From the Guidelines
The management plan for chest tubes after spontaneous pneumothorax should prioritize the application of suction after 48 hours for persistent air leak or failure of the pneumothorax to re-expand, using high volume, low pressure systems, as recommended by the British Thoracic Society guidelines 1. The optimal management of patients with ongoing air leak involves several treatment options, including application of thoracic suction, converting to larger-bore chest drain, blood patch or chemical pleurodesis, endobronchial valves or thoracic surgery, as outlined in the British Thoracic Society guideline for pleural disease 1. Key considerations in the management of chest tubes after spontaneous pneumothorax include:
- The use of small (10–14 F) chest tube systems initially, with the option to replace with a larger tube if necessary 1
- The application of suction after 48 hours for persistent air leak or failure of the pneumothorax to re-expand, using high volume, low pressure systems 1
- The importance of specialist nursing experience and monitoring in patients requiring suction 1
- The consideration of chemical pleurodesis or surgical intervention for persistent air leaks lasting more than 3-5 days 1
- The need for pain management, including scheduled acetaminophen, NSAIDs, and opioids as needed, as well as follow-up chest X-rays to ensure no recurrence after chest tube removal. Overall, the management plan should prioritize the patient's safety, comfort, and outcomes, while minimizing hospitalization duration and discomfort from prolonged chest tube placement.
From the Research
Management Plan for Chest Tubes after Spontaneous Pneumothorax
The management of chest tubes after spontaneous pneumothorax involves several key considerations, including the type of chest tube used, the method of insertion, and the approach to drainage and removal.
- Type of Chest Tube: Small-bore chest tubes (≤14F) are generally recommended as the first-line therapy for spontaneous pneumothorax in non-ventilated patients 2.
- Method of Insertion: Chest tube insertion should be guided by imaging, either bedside ultrasonography or computed tomography, and the Seldinger technique should be used instead of the trocar technique 2.
- Approach to Drainage: The use of underwater seal or digital drainage systems can facilitate informed decision-making regarding tube removal 2, 3.
- Removal of Chest Tube: The optimal timing for tube removal is still a matter of controversy, but a drain-clamping test before tube withdrawal is generally not advocated 2.

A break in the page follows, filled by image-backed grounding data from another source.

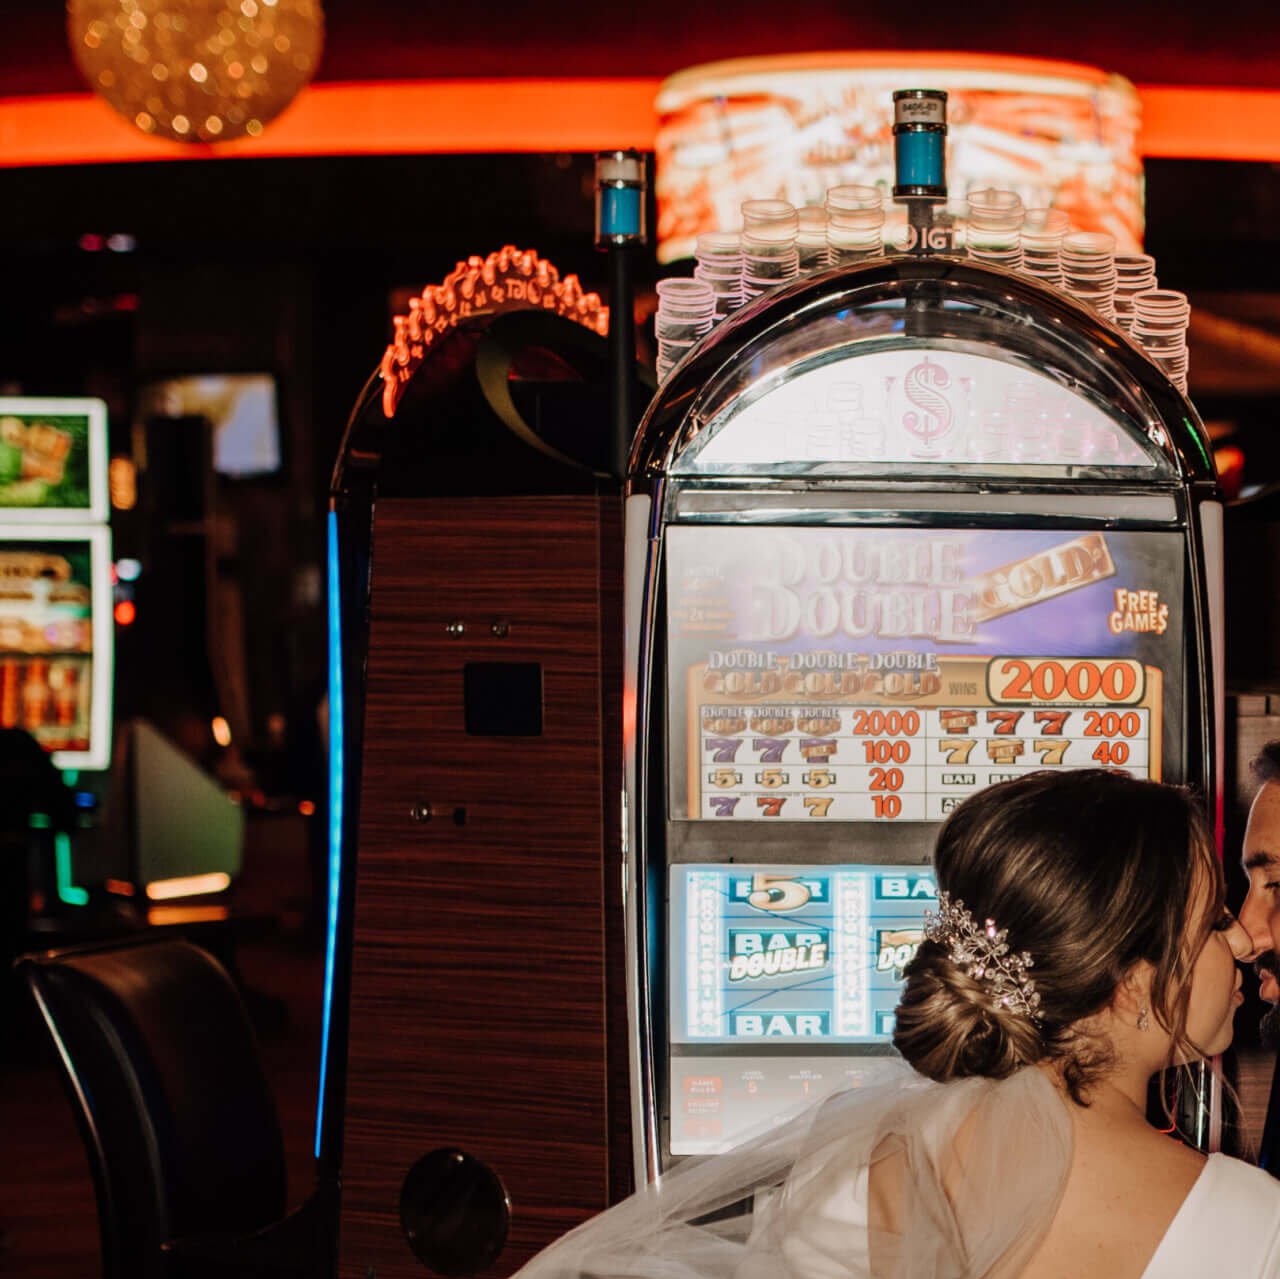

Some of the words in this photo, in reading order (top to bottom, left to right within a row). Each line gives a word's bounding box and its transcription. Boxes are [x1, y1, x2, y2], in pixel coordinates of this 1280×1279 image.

[921, 226, 957, 249] IGT
[775, 535, 963, 586] DOUBLE
[748, 583, 978, 643] DOUBLE
[1115, 589, 1158, 613] FREE
[709, 652, 778, 670] DOUBLE
[789, 652, 859, 670] DOUBLE
[867, 653, 936, 671] DOUBLE
[949, 682, 977, 696] WINS
[1001, 660, 1137, 701] 2000
[852, 710, 920, 736] 2000
[986, 710, 1024, 735] 7
[1033, 710, 1072, 735] 7
[1083, 711, 1140, 737] 200
[705, 739, 744, 763] 7
[752, 739, 791, 763] 7
[862, 740, 910, 764] 100
[939, 740, 978, 764] 7
[1033, 740, 1072, 764] 7
[1092, 741, 1129, 765] 40
[869, 768, 904, 792] 20
[943, 775, 975, 784] BAR
[710, 797, 741, 817] 7
[757, 797, 787, 817] 7
[804, 797, 834, 817] 7
[872, 795, 901, 818] 10
[882, 879, 937, 897] BA
[731, 944, 827, 981] DOUBLE
[736, 1015, 822, 1035] BAR

- Complications: Common complications of small-bore drains include pain, drain blockage, and accidental dislodgment, while more serious complications include organ injury, hemothorax, infections, and re-expansion pulmonary edema 2, 4, 5.
Specific Considerations
- Re-expansion Pulmonary Edema: This is a rare but potentially life-threatening complication of chest tube insertion, and risk factors include rapid re-expansion of the lung, young patient age, and a large pneumothorax persisting longer than 24 hours 4, 5.
- Underwater Seal: Early underwater seal appears to be safe for treating iatrogenic and spontaneous pneumothoraces, and can achieve comparable frequencies of early chest tube removal and avoidance of operation compared with traditional management 3.
- Serial-Steps Approach: A serial-steps approach with a single system (small-calibre catheter/Heimlich valve) can be effective in managing primary spontaneous pneumothorax, with a high success rate and low recurrence rate 6.